我们的项目包括五个部分:数据库和四种方法。我们最终测试了白流量和四钟VPN: Psiphon,Wujie,Lantern 和Shadowsocks。
在数据库构建中,我们的网络流量分为两部分:我们自己收集的VPN流量和SANGFOR公司提供的白流量。我们使用四种方法来检测VPN。第一个是机器学习方法:我们使用GBDT算法来识别不同的VPN流。第二种方法是网站指纹:它可用于识别不同的网站,针对访问不同网站可确定是否已使用代理,例如google.com。
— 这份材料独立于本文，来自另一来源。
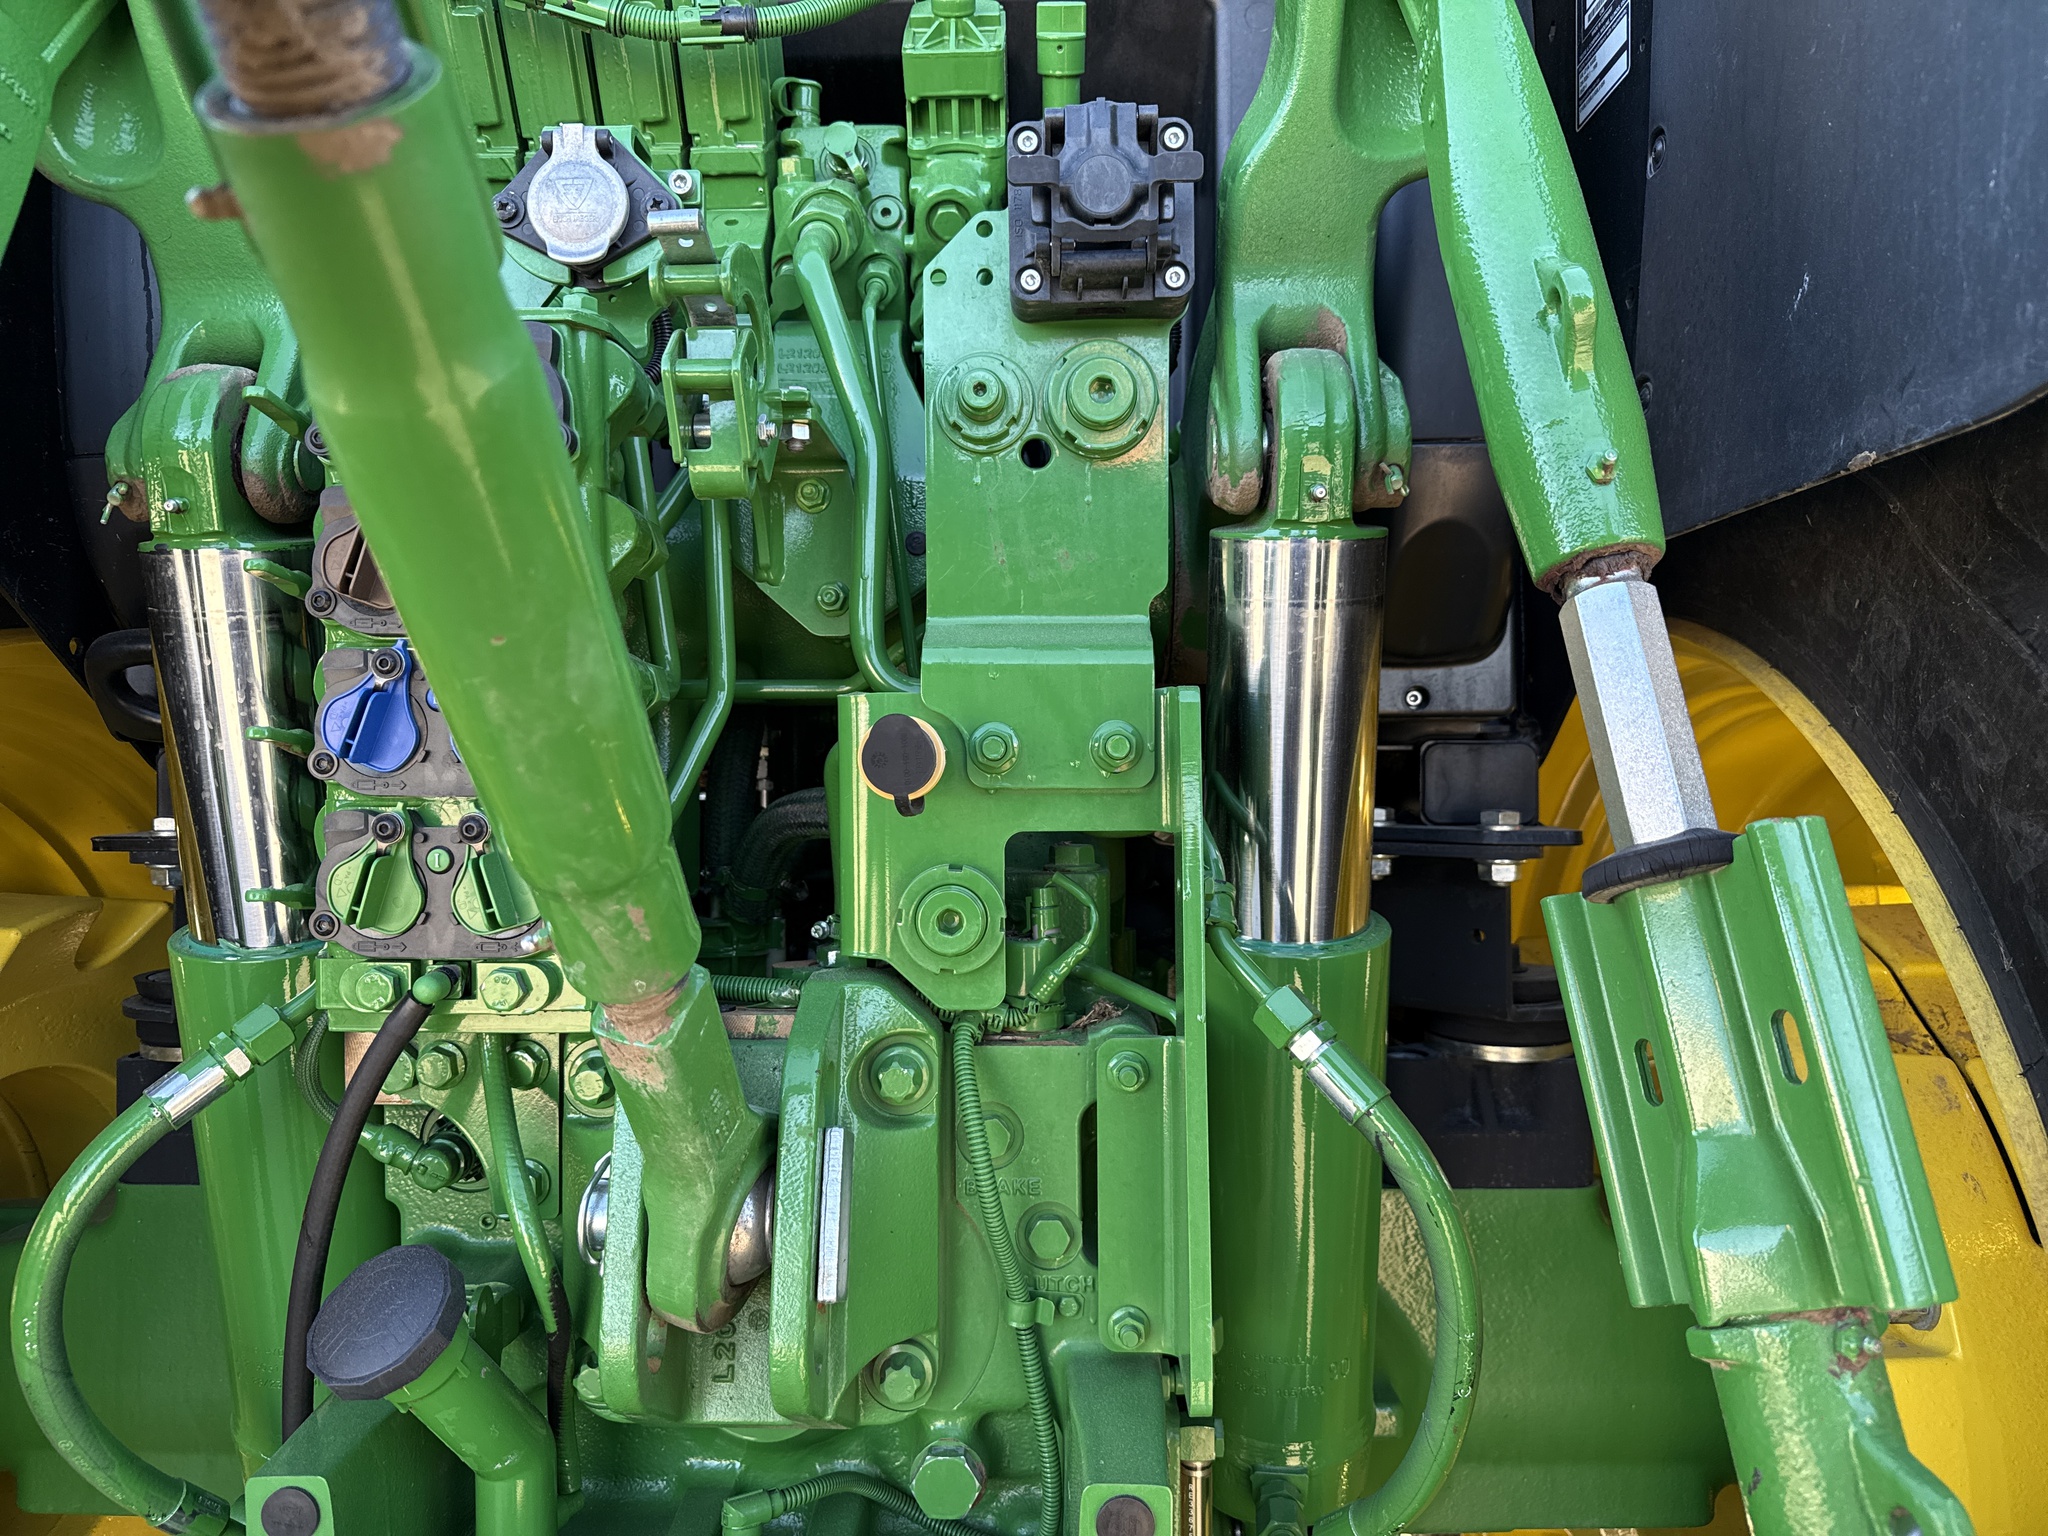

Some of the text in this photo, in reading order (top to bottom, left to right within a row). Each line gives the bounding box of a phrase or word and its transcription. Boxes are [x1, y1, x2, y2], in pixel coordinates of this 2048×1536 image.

[1014, 219, 1023, 238] ISO
[965, 1177, 1042, 1196] BAKE
[1023, 1275, 1096, 1293] LUTCH
第三种方法是流上下文和主机行为:这种方法表明白流量和VPN数据之间存在巨大差异。第四种方法是探针检测:它会主动探测可疑服务器,并尝试通过已知的代理协议进行通信。如果服务器以某种方式表明它是代理服务器,则审查者可以阻断它。
我们的项目发现机器学习算法在实验室环境中表现出色,但由于现实世界中有许多不同的网络应用场景。因此,验证机器学习算法必须获得大量数据支持,但由于我们实验数据抓取条件的不完善,无法提供大量数据支持。最终,使用机器学习算法结合其他方法进行降误报率,我们得到准确率为97.4%和0.24%的误报率的模型。